The Costa Rican economy has been built upon a foundation of political stability, strong human development, and high levels of foreign investment and trade liberalization. An uninterrupted democracy since 1953, it is the oldest working democracy in Latin America. It is well ahead of the rest of Central America when it comes to health benchmarks like access to clean water, infant mortality, and life expectancy. Further contributing to human development, most Costa Ricans are covered under the state's social security programs. The result has been the development of a population that has been able to shift and meet the growing demands placed upon workers in a global marketplace.

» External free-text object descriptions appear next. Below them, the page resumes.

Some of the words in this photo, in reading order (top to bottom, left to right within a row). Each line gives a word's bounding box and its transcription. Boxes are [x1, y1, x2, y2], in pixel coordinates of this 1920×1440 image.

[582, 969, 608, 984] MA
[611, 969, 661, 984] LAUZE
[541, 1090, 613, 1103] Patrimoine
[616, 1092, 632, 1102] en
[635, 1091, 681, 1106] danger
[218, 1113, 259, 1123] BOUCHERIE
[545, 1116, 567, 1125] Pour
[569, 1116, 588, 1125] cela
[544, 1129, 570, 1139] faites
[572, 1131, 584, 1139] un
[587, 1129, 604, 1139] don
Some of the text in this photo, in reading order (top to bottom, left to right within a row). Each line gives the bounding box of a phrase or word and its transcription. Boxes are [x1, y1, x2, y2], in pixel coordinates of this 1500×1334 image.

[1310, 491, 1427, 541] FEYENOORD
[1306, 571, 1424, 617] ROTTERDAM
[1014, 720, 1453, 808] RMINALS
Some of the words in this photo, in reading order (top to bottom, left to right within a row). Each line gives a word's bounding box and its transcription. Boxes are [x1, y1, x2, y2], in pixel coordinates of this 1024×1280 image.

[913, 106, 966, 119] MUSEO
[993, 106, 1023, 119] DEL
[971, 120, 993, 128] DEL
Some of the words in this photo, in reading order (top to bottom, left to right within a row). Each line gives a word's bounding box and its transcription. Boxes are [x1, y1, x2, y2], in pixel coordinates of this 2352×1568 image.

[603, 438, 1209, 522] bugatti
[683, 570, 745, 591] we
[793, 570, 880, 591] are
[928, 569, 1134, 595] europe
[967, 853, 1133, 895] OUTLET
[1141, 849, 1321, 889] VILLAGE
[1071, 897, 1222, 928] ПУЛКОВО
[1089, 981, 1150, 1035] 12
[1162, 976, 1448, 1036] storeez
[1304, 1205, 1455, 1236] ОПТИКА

Costa Rica has taken advantage of its stable political situation and well-educated population to become one of Central America's most well-developed economies. After five years of average 6.65% GDP growth in the mid-2000s, the economy took a hit in the global financial crisis, contracting by 1.02% in 2009. It rebounded well in 2010 to post growth of 4.95% and has remained positive ever since, posting rates of 3.5% and 2.58% in 2014 and 2015, respectively. Costa Rica's GDP of USD51.107 billion equaled a per-capita GDP of USD10,629.8, above the Latin American average of USD 8,370.7 and well above every Central American country save Panama.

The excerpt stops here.